Adapting While Learning: Grounding LLMs for Scientific Problems with Intelligent Tool Usage Adaptation

Large Language Models (LLMs) demonstrate promising capabilities in solving simple scientific problems but often produce hallucinations for complex ones. While integrating LLMs with tools can increase reliability, this approach typically results in over-reliance on tools, diminishing the model's ability to solve simple problems through basic reasoning. In contrast, human experts first assess problem complexity using domain knowledge before choosing an appropriate solution approach. Inspired by this human problem-solving process, we propose a novel two-component fine-tuning method. In the first component World Knowledge Distillation (WKD), LLMs learn directly from solutions generated using tool's information to internalize domain knowledge. In the second component Tool Usage Adaptation (TUA), we partition problems into easy and hard categories based on the model's direct answering accuracy.

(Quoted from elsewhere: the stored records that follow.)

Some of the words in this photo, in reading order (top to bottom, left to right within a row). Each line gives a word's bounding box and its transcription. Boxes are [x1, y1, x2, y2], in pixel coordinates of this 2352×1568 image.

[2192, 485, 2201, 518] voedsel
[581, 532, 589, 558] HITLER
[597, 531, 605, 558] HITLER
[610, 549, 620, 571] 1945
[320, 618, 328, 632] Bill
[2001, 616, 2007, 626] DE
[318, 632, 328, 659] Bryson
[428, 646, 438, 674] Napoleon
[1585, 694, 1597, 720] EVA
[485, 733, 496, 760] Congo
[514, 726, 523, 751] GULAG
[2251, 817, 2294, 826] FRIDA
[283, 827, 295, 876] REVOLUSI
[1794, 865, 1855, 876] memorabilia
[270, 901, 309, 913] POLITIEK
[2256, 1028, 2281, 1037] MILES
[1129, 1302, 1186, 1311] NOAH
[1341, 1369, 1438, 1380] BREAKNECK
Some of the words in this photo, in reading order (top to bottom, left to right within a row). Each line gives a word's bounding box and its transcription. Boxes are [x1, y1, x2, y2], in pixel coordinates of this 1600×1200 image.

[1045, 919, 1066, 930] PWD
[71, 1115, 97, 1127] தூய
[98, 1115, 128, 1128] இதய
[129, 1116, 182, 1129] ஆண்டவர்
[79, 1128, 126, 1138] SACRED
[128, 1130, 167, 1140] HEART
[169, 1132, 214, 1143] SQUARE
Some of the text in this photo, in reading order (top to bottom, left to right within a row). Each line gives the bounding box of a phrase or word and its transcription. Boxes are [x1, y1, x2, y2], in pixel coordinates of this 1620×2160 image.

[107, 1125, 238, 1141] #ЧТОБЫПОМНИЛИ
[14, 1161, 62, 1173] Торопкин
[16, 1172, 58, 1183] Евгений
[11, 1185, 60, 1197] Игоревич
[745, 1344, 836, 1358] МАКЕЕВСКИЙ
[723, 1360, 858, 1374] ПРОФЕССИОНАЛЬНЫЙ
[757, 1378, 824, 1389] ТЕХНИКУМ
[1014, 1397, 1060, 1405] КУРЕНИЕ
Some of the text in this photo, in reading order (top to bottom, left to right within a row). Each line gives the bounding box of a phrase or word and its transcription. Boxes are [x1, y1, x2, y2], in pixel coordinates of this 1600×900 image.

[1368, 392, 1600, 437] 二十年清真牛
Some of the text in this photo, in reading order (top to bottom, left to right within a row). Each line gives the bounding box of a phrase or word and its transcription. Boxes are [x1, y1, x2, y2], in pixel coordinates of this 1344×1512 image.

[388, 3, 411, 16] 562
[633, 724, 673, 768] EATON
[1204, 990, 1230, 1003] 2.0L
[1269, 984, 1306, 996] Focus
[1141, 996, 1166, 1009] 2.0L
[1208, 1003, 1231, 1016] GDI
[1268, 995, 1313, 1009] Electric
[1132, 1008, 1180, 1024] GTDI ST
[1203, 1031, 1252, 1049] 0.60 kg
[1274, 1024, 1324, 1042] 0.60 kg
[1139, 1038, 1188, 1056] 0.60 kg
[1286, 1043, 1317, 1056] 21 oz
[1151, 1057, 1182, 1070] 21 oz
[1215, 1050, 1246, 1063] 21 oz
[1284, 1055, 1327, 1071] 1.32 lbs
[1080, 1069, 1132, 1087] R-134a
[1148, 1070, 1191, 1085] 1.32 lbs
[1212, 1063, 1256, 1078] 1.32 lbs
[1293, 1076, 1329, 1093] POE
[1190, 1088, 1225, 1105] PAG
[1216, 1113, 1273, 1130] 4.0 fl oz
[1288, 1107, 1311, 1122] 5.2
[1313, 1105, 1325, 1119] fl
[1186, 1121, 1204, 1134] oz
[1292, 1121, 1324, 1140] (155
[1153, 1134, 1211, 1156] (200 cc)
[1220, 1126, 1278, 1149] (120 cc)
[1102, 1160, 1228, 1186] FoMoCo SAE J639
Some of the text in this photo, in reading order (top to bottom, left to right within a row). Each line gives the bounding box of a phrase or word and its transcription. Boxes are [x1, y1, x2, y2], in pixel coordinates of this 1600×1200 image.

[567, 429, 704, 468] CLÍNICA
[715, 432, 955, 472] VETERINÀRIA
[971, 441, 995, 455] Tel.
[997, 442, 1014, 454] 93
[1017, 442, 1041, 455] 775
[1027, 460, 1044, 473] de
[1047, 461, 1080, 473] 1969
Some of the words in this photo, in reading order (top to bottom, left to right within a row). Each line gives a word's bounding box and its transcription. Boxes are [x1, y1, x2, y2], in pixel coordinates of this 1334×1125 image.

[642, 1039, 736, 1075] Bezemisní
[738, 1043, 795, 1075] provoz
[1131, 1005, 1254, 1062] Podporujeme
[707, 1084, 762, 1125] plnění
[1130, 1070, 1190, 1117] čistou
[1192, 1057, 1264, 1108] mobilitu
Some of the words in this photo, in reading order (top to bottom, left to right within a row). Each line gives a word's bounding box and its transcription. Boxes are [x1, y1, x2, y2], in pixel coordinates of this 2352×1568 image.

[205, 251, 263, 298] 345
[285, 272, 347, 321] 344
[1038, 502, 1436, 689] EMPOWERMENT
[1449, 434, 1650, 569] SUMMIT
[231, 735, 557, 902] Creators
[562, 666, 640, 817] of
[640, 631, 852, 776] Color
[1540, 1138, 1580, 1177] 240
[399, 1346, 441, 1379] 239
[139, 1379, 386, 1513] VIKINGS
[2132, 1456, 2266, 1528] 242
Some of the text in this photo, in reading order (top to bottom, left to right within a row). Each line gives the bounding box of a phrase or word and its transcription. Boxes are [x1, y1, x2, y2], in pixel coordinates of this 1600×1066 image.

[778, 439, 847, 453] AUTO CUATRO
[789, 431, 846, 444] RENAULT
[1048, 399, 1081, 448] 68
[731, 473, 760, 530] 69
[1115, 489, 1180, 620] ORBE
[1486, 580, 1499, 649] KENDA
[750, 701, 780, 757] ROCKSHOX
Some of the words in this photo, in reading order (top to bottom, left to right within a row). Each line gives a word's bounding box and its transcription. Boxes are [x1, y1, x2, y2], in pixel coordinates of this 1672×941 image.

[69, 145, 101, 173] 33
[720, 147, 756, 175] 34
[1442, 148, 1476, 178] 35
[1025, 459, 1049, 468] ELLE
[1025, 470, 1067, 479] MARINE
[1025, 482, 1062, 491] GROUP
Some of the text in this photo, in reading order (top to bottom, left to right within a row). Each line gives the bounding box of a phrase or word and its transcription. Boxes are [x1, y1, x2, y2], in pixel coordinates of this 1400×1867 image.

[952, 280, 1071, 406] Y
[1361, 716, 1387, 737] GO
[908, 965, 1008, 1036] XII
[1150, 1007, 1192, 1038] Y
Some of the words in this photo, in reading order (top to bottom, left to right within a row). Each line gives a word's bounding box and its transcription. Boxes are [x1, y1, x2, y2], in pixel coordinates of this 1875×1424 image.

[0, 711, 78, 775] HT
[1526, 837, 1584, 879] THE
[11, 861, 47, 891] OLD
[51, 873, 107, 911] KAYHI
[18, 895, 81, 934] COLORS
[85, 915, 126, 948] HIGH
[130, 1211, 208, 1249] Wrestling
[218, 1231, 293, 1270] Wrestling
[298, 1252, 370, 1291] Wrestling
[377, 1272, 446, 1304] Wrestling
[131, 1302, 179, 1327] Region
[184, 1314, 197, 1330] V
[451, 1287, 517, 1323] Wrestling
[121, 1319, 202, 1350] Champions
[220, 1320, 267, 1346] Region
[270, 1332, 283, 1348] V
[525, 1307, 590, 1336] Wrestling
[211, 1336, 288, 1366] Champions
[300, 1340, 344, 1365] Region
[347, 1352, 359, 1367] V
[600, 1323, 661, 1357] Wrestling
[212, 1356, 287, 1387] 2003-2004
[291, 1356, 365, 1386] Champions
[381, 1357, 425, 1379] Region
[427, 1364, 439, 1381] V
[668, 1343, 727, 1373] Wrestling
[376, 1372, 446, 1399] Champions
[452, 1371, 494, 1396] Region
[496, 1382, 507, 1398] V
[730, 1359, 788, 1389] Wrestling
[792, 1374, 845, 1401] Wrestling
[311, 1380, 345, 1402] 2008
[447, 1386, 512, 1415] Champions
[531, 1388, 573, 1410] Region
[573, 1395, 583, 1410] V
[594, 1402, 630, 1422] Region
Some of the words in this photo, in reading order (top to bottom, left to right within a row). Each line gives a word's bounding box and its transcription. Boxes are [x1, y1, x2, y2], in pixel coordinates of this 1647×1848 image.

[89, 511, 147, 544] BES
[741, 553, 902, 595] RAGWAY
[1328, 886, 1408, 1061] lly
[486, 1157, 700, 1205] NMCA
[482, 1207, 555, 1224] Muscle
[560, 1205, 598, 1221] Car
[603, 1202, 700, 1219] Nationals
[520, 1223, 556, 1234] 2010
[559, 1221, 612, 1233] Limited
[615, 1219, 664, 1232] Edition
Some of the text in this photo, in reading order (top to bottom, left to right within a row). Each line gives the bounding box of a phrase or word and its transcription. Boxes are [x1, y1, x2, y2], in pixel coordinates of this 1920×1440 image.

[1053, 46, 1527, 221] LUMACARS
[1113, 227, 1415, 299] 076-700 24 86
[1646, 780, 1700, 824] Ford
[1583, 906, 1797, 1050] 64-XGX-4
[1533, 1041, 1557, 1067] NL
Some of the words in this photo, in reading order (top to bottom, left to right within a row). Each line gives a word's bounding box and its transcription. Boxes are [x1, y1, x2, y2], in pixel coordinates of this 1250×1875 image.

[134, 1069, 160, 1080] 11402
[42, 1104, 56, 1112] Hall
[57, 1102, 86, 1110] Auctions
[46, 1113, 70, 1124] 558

While maintaining the same alignment target for easy problems as in WKD, we train the model to intelligently switch to tool usage for more challenging problems. We validate our method on six scientific benchmark datasets, spanning mathematics, climate science and epidemiology. On average, our models demonstrate a 28.18% improvement in answer accuracy and a 13.89% increase in tool usage precision across all datasets, surpassing state-of-the-art models including GPT-4o and Claude-3.5.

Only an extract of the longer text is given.